Disclaimer: In many places, making homemade moonshine and hard alcohol is illegal. Please be aware of your local bylaws

 

The necessary part of making any alcohol comes down to the copper still. You can convert your fruit wine into brandy, a mash of grains into whiskey, and your garden potatoes into vodka, but you will need a high-quality copper still. The process of turning your fermented wort into alcohol is called distillation. 

 

pressurized copper still for making homemade alcohol

 

As above, making alcohol requires three main ingredients: sugar, yeast, and water. You can get fancy about what you use as a mash, from grains to potatoes or even foraged berries, but the main components stay the same. 

 

  1. Make your wort or mash

    In the same way as brewing beer, you can boil water and steep your grains to create your wort or mash. You can use anything from wine, wheat, potatoes, or kilju for your distillation, experimenting with your base is a great way to have fun with this process and use produce from your garden. Different types of alcohol will require different types of mash, for example, vodka uses potatoes whereas whiskey utilizes malted grains.

  2. Ferment

    The fermentation process can take a couple of days to a couple of weeks, you’ll be able to tell when it is done because the mash will stop bubbling and become settled. How long this process lasts will depend on the amount of sugar and the type of yeast you used. As you become more experienced, the process of fermentation will be easier to predict.

  3. Distill

    The distillation process takes some time to get used to. Learning how to use your still will take practice. Once your wort is fully fermented, you can transfer it to your still using a syphon––ensure that you don’t bring any of the sediment along for the ride.

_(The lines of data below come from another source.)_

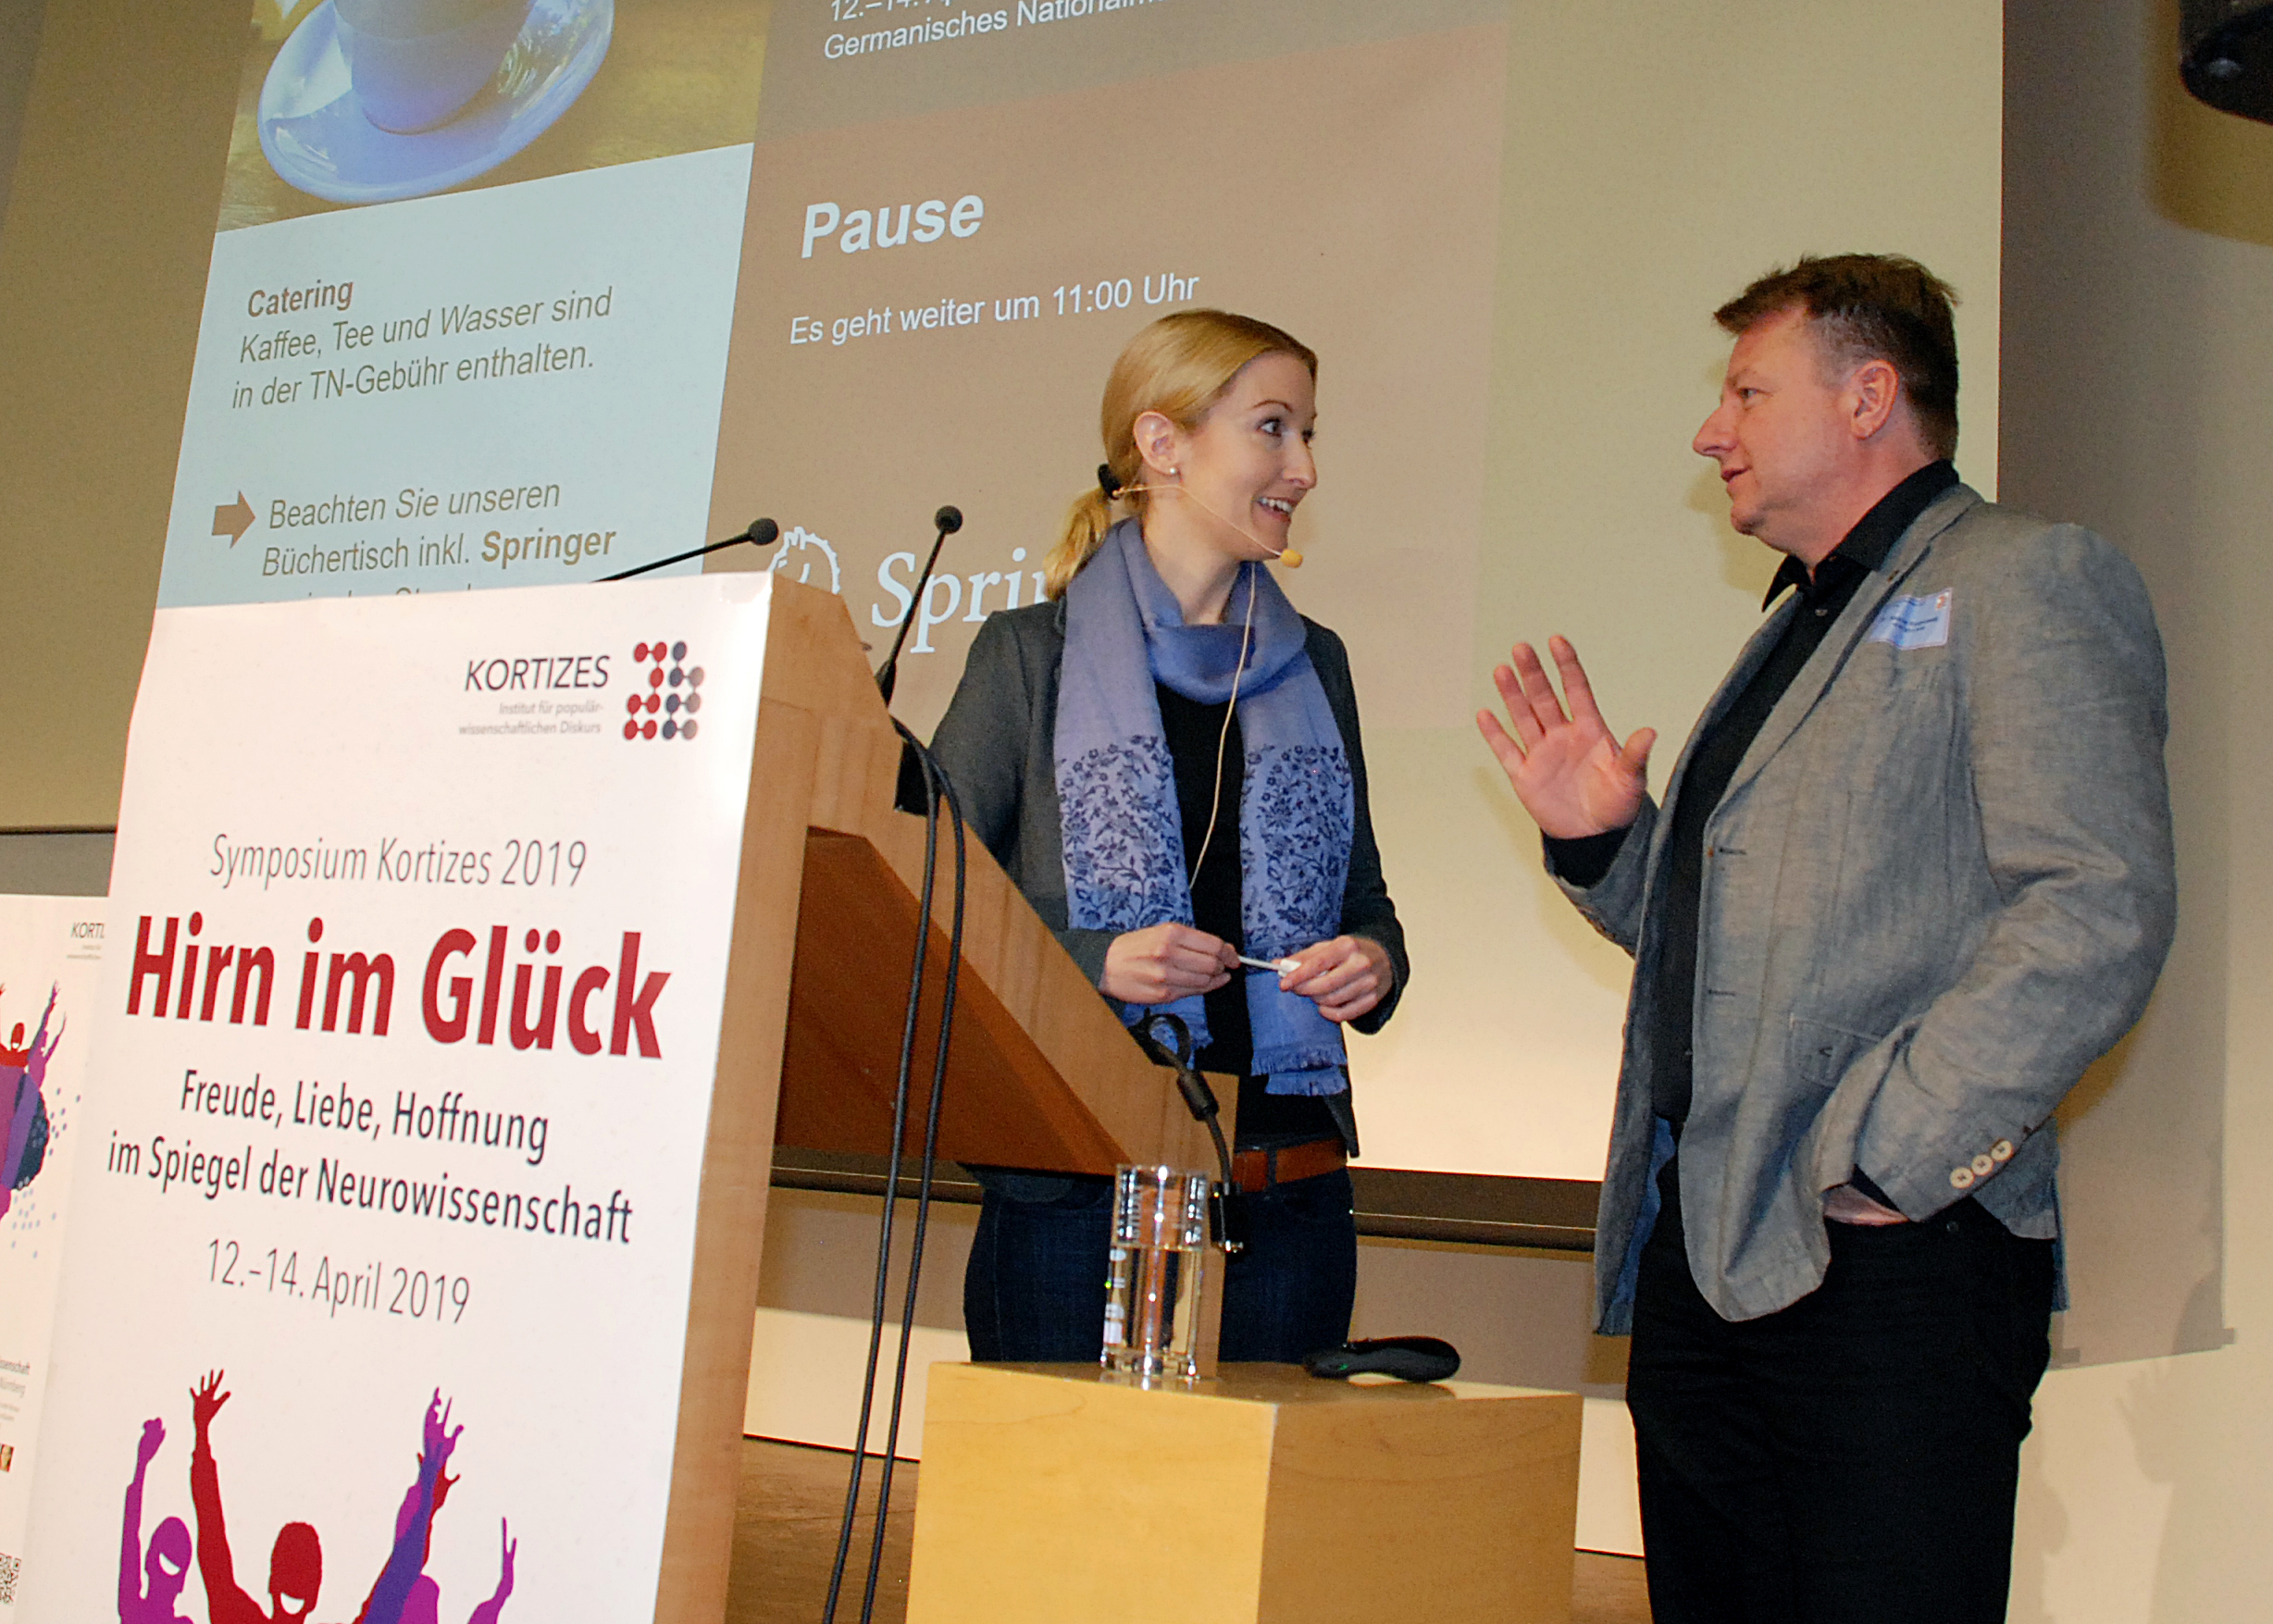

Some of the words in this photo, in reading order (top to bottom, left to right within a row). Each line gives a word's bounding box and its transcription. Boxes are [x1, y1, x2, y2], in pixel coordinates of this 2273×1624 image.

[825, 9, 1008, 59] Germanisches
[801, 195, 983, 258] Pause
[240, 329, 322, 364] Kaffee,
[332, 320, 374, 351] Tee
[382, 308, 432, 344] und
[441, 302, 545, 336] Wasser
[551, 285, 613, 322] sind
[247, 279, 354, 317] Catering
[789, 316, 824, 344] Es
[831, 306, 892, 346] geht
[899, 298, 986, 331] weiter
[994, 295, 1039, 322] um
[1052, 278, 1133, 316] 11:00
[1143, 272, 1200, 304] Uhr
[232, 380, 254, 409] in
[261, 376, 303, 406] der
[310, 355, 450, 401] TN-Gebühr
[456, 342, 593, 381] enthalten.
[269, 494, 386, 529] Beachten
[395, 487, 440, 519] Sie
[448, 484, 560, 515] unseren
[262, 538, 409, 576] Büchertisch
[418, 532, 469, 567] inkl.
[480, 527, 617, 570] Springer
[465, 654, 611, 691] KORTIZES
[459, 720, 556, 736] wissenschaftlichen
[559, 719, 602, 735] Diskurs
[499, 701, 537, 715] Institut
[539, 700, 553, 714] für
[210, 834, 367, 891] Symposium
[377, 837, 492, 886] Kortizes
[501, 838, 587, 887] 2019
[126, 911, 275, 1027] Hirn
[294, 917, 395, 1037] im
[422, 925, 672, 1060] Glück
[181, 1069, 282, 1129] Freude,
[293, 1080, 380, 1141] Liebe,
[392, 1090, 549, 1167] Hoffnung
[107, 1130, 141, 1175] im
[147, 1135, 252, 1200] Spiegel
[259, 1148, 309, 1198] der
[316, 1158, 633, 1245] Neurowissenschaft
[311, 1256, 382, 1319] April
[389, 1267, 470, 1324] 2019

    When you use your distiller, the temperature is of key importance. You will need to maintain a temperature between 174-190ºF to properly distill your alcohol. Any liquid that comes before your still reaches this temperature is highly poisonous methyl alcohol, and you should discard it. 

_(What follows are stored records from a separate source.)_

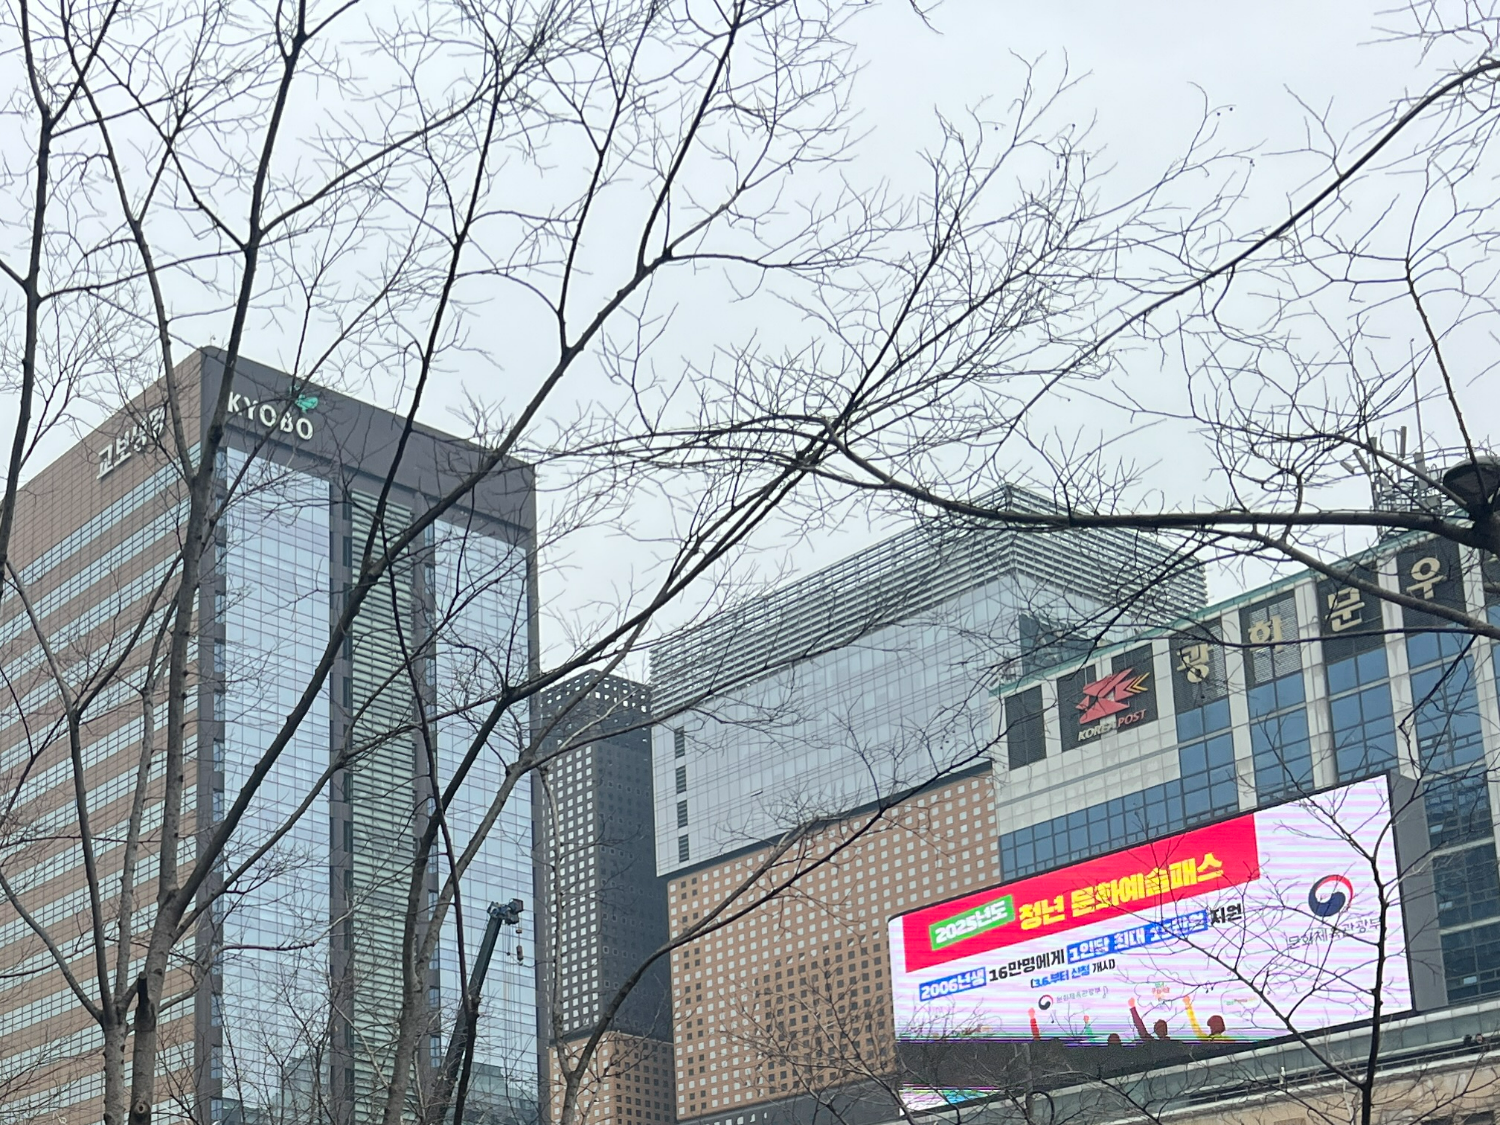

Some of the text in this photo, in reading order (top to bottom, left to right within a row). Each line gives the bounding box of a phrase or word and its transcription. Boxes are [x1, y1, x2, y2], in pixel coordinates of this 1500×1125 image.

[227, 391, 314, 441] KYOBO
[1077, 708, 1148, 742] KOREA POST
[934, 852, 1225, 944] 2025년도 청년 문화예술패스
[920, 967, 986, 1000] 2006년생
[989, 948, 1066, 983] 16만명에게
[1068, 937, 1110, 963] 1인당
[1113, 930, 1147, 951] 최대
[1210, 902, 1243, 926] 지원
[1287, 916, 1382, 950] 문화체육관광부

Methanol is a serious danger in producing homemade moonshine.

Methyl alcohol, or methanol, is incredibly dangerous. As little as 10ml can be extremely dangerous, and 30ml is enough to kill a person. When you begin to learn how to make moonshine, it is incredibly important to know about methyl alcohol. Methanol is a by-product of producing alcohol, however, it is often diluted in such large quantities of liquid that it isn’t a threat. When you distill grain wort or fruit alcohols into moonshine, you are removing all the liquid that previously diluted the methanol, making a toxic reduction. 

 

Methyl alcohol is dangerous!

 

To ensure you discard the methyl alcohol from your moonshine batch here are some tips you can follow to be safe:  

 

  1. Monitor the temperature of your still

    A good still will contain a temperature gauge, any distillate that is produced before the temperature in your still reached 174ºF will be methanol. Because methyl alcohol boils at a lower temperature than ethanol, you will want to discard anything that comes out before you’ve reached the boiling temperature of ethanol.

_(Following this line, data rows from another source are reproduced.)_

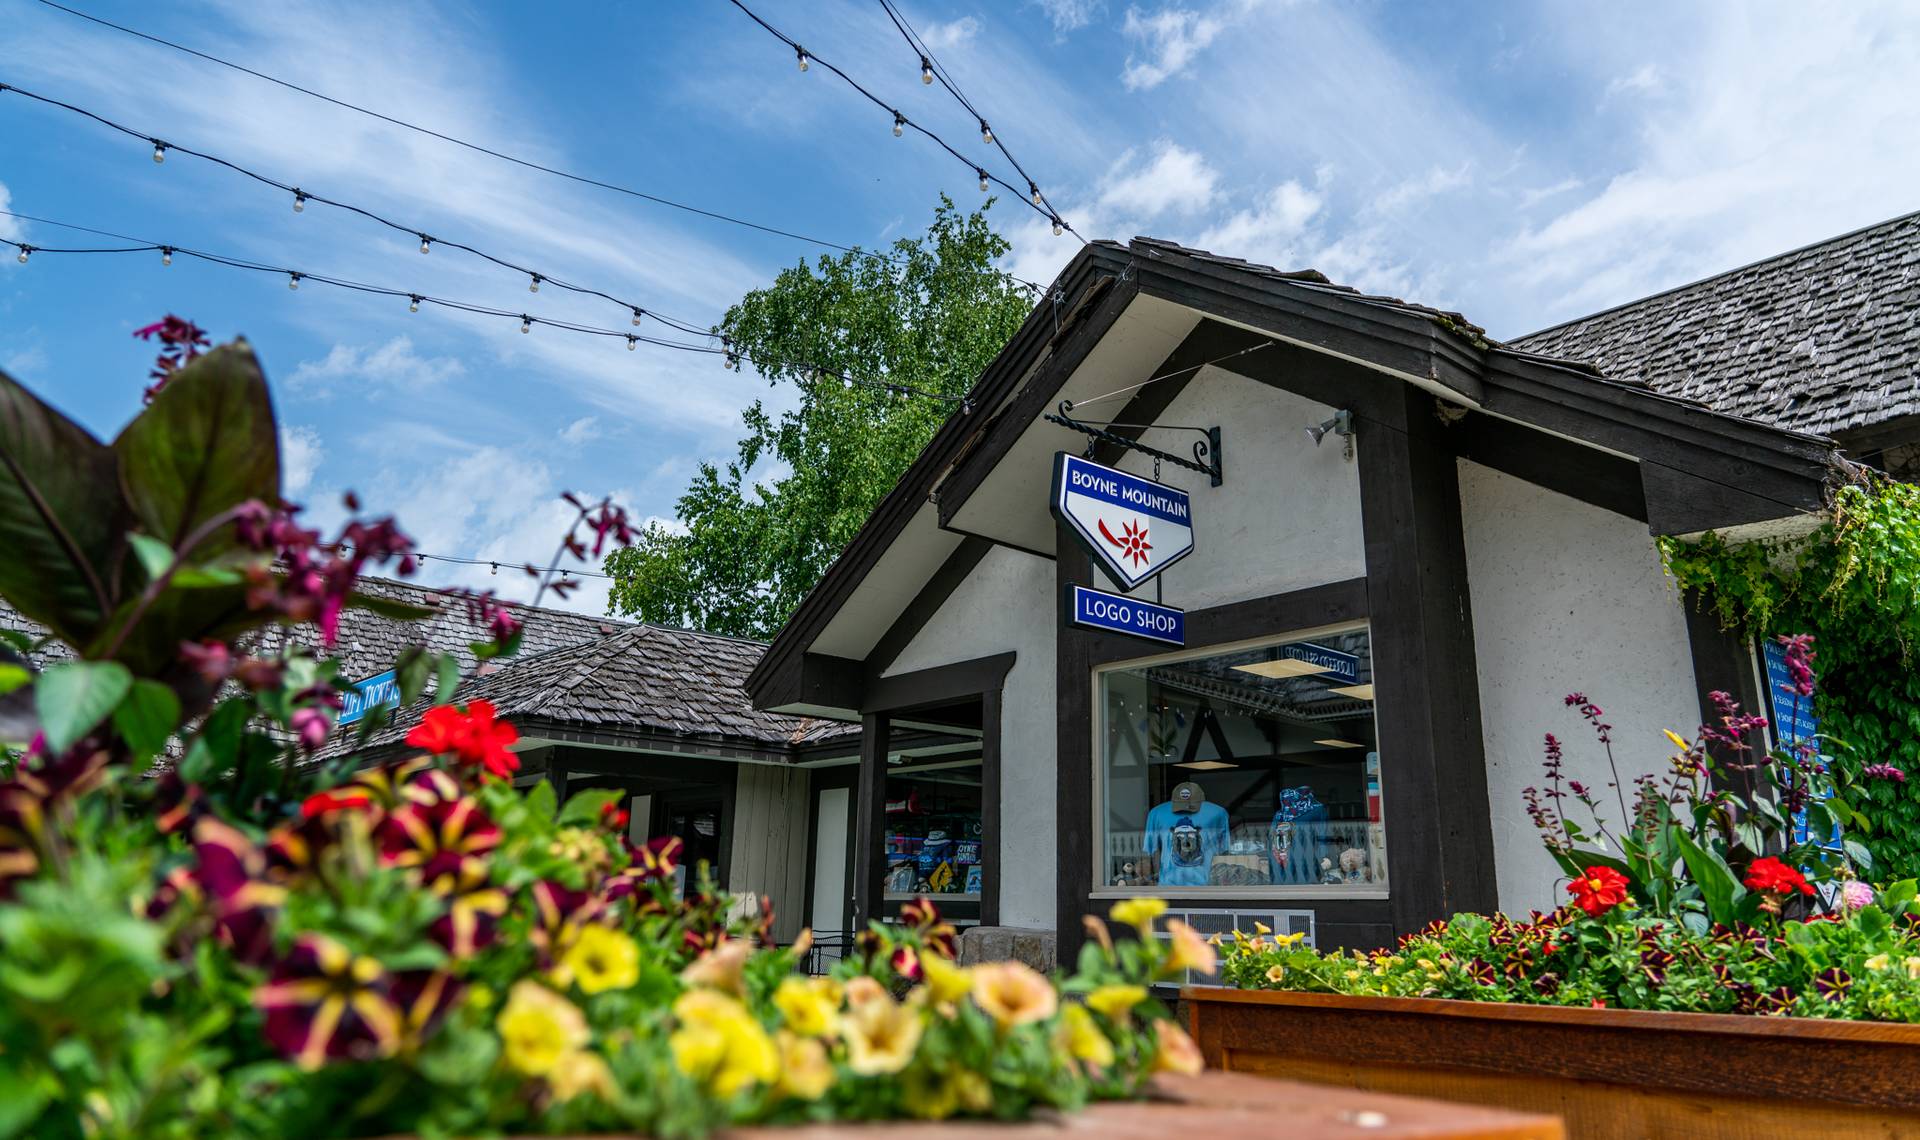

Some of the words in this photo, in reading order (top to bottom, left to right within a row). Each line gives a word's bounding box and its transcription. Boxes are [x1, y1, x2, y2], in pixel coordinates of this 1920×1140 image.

[1072, 470, 1118, 497] BOYNE
[1122, 485, 1187, 518] MOUNTAIN
[1086, 597, 1130, 623] LOGO
[1137, 610, 1176, 633] SHOP
[341, 690, 362, 717] LIFT
[363, 679, 400, 710] TICKETS

  2. Fruit wines will produce more methanol than grain mashes

    If you’re looking to produce grappa or brandy from your locally foraged fruits, this is an important thing to know. Methanol is more prevalent in fermented fruits than in fermented grains, as it is naturally occurring in many fruits. Methanol is often an unintended by-product of fermentation.

Making alcohol at home is a skill all preppers can develop. 

Whether you are trying to build a self-sustained homestead or are looking to accumulate items to barter with in the post-collapse, brewing alcohol is a necessary skill to develop. Alcohol has many functions and has been brewed and used by humans since the creation of societies.